CourtListener Frees the Law

The following blog post was written by Eric Taylor, Evening Reference Librarian at the University of Wisconsin Law School Library
CourtListener is a powerful new free legal research website sponsored by the non-profit Free Law Project.  The Court Listener platform is composed of four searchable databases containing judicial opinions, an audio collection of oral arguments, judge profiles, and documents from the Federal PACER system.  The repository’s numbers are impressive and growing daily.

  • Almost 4 million legal opinions from federal and state courts.
  • Real-time coverage of oral arguments from SCOTUS and 11 of the 13 Federal Judicial Circuits.
  • A database of over 8500 judge profiles.

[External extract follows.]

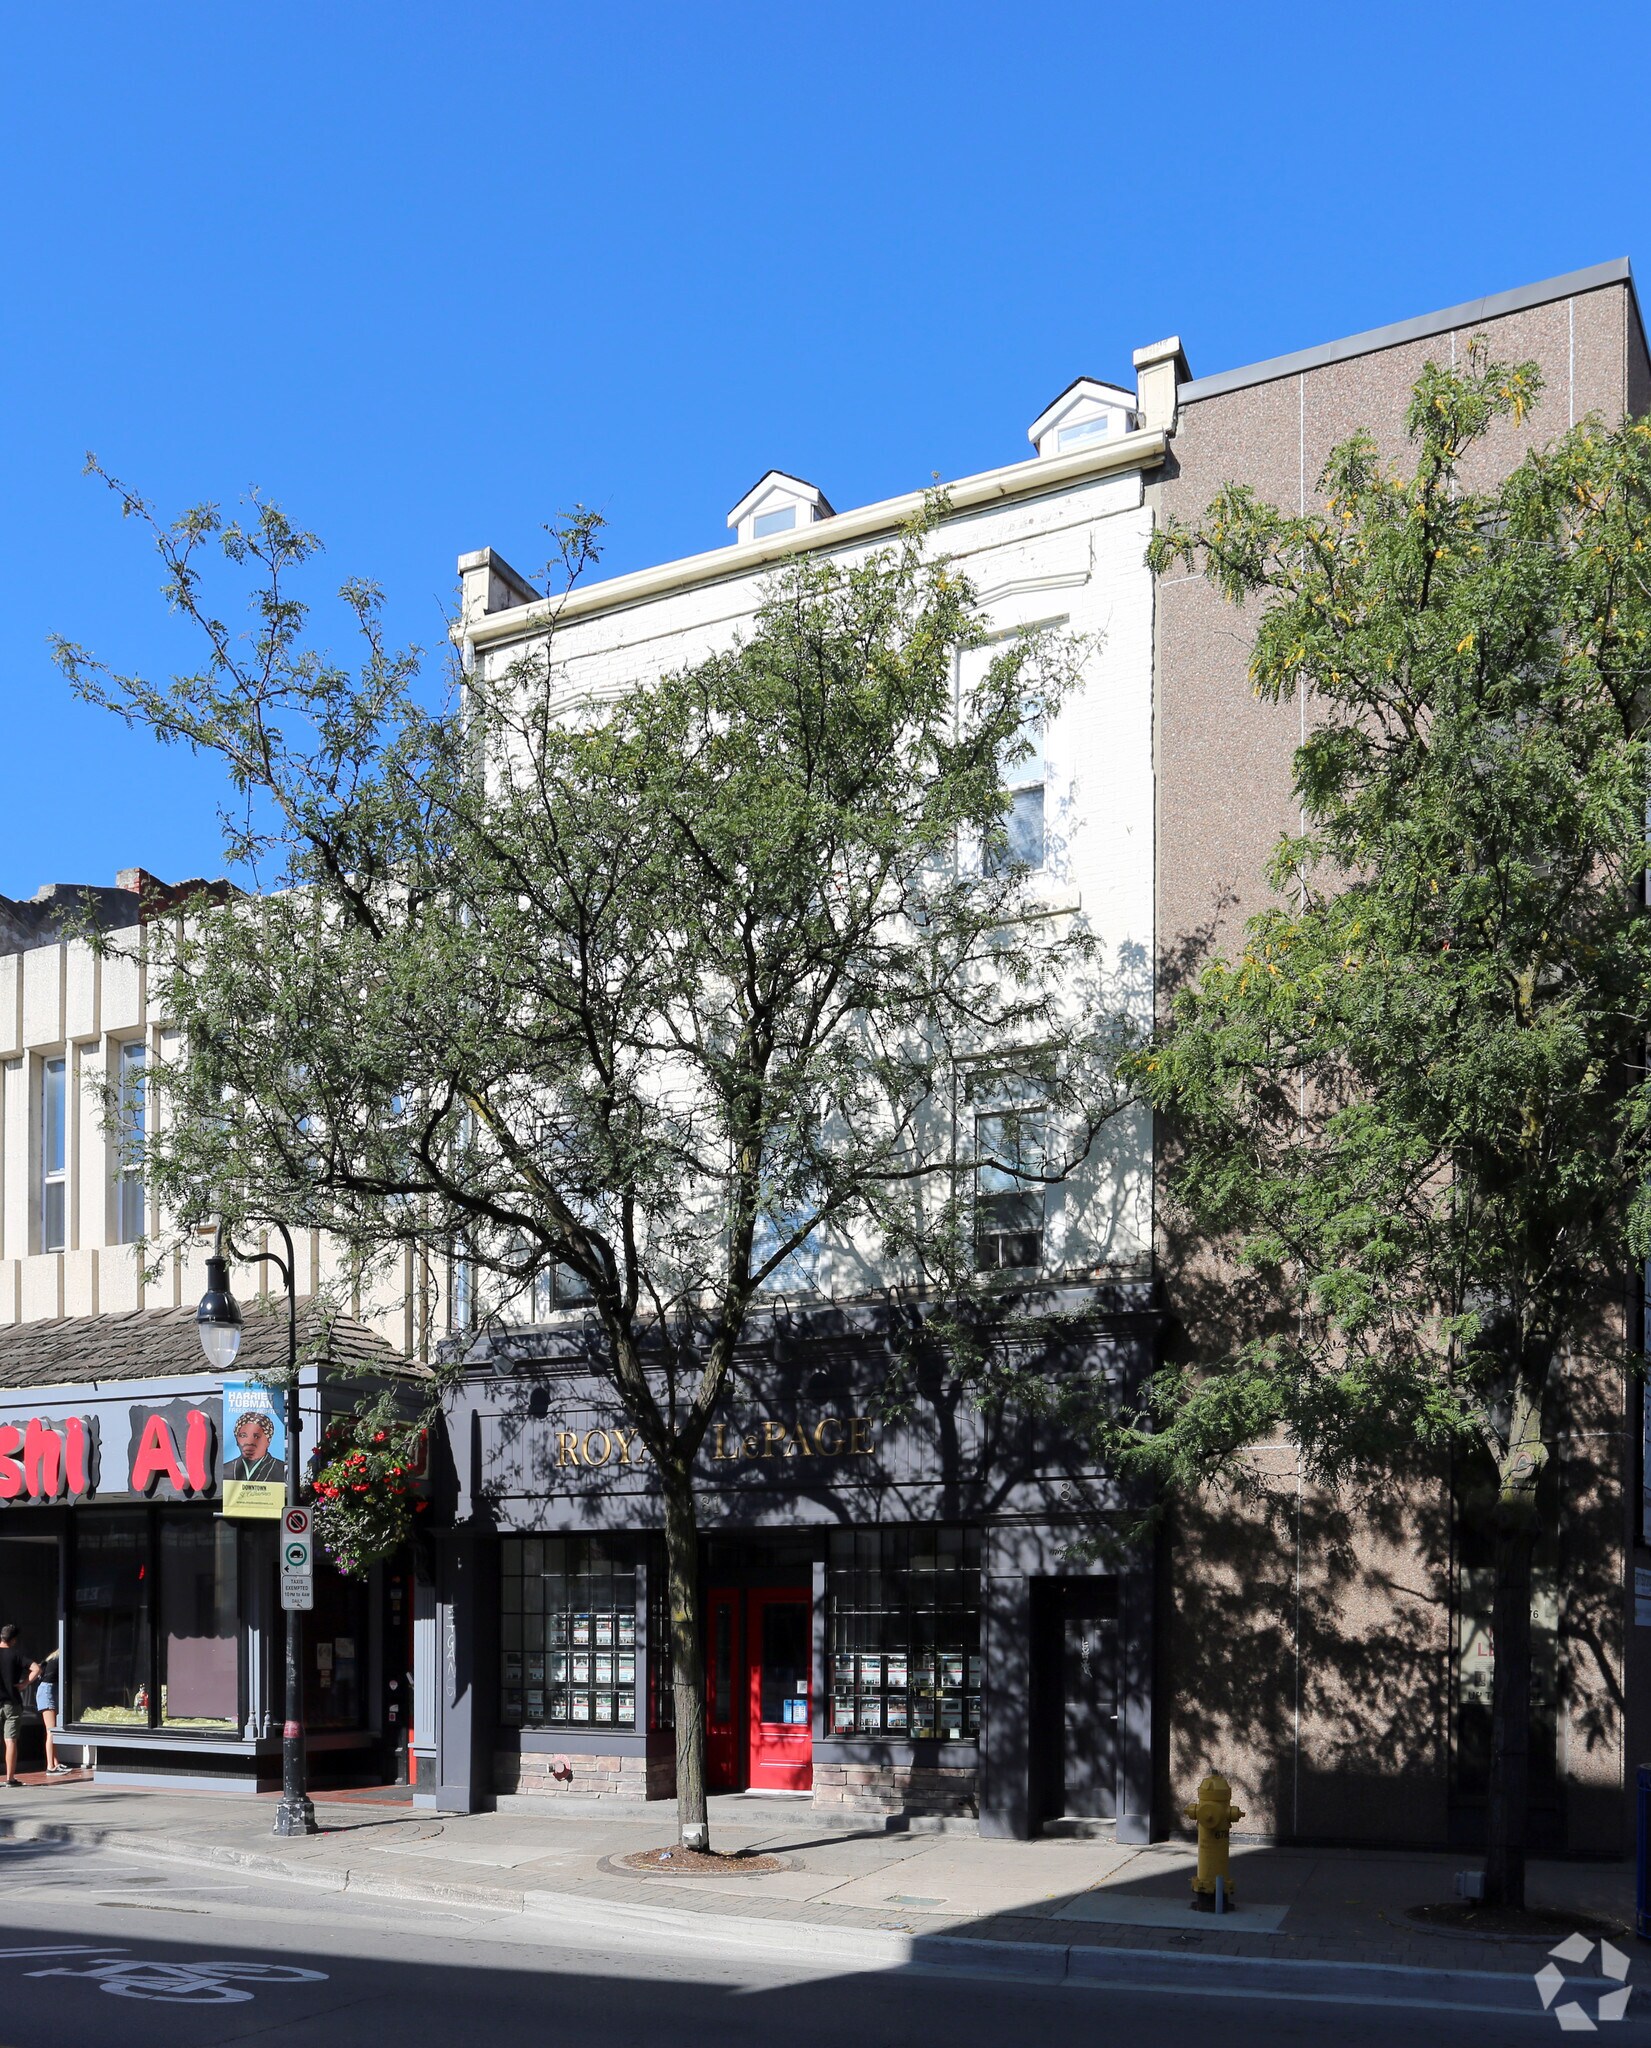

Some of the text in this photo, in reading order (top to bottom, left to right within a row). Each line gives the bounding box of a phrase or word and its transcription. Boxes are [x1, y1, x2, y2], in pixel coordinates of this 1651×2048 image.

  • 2.4 million plus PACER documents.

The search engine is easy to use and offers an “Advanced Search” option to refine searches in a number of ways including citation, judge, and docket number.  Case law searches are powered by their CiteGeist Relevancy Engine to provide the most relevant and important cases at the top of the results.  CourtListener downloads opinions from many jurisdictions on an ongoing basis thereby allowing users to set up alerts using customized search and citation feeds.  RSS feeds may also be set up by jurisdiction.
The oral arguments database is also continually updated, making it the biggest such collection on the Internet.  At present, CourtListener provides oral arguments to over 1500 cases originating from the Court of Appeals for the Seventh Circuit.  A count of available oral arguments from SCOTUS and 11 of the 13 Federal Judicial Circuits totals over 19,000.  The judge profile search now also links up to the oral arguments database meaning when you look up the profile page for a judge, you may see a list of oral argument recordings for cases that judge has heard.

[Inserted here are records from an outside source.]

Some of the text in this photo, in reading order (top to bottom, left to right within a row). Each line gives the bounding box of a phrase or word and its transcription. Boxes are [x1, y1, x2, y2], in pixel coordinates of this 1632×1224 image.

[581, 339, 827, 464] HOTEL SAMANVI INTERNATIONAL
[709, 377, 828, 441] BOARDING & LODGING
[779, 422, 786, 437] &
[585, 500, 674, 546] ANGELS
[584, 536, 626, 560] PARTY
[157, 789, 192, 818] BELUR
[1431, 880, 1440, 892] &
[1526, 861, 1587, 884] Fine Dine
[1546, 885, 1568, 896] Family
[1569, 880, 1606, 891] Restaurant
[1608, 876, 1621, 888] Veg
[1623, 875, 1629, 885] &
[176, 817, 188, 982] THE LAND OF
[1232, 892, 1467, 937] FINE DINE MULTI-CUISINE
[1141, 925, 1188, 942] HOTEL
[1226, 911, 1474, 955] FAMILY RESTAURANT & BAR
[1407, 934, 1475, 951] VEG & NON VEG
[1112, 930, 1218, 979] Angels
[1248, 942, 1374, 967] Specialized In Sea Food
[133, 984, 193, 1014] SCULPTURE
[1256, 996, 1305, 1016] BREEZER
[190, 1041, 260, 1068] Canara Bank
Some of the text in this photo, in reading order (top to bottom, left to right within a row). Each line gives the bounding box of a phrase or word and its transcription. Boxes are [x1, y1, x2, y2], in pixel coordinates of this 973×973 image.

What really makes CourtListener special is the free access to PACER documents it provides through the RECAP Archive.  Users of the PACER system can contribute to the building of the archive by downloading the RECAP Extensions for Firefox and Chrome.  As you browse PACER, the RECAP extension automatically uploads docket files and PACER-downloaded PDFs to the Internet Archive for others to download later.  The net effect is kind of like paying it forward, allowing the documents (and legal benefits) to flow to everyone.  This newfound access to PACER documents is truly groundbreaking.
CourtListener joins a growing list of other free legal research sites as Google Scholar, FindLaw, Justia, Ravel Law, and Casetext.  You owe it to yourself to take the newest of these for a test drive.  CourtListener rightly joins the UW Law Library’s list of free legal resources available on our Databases and Electronic Resources page.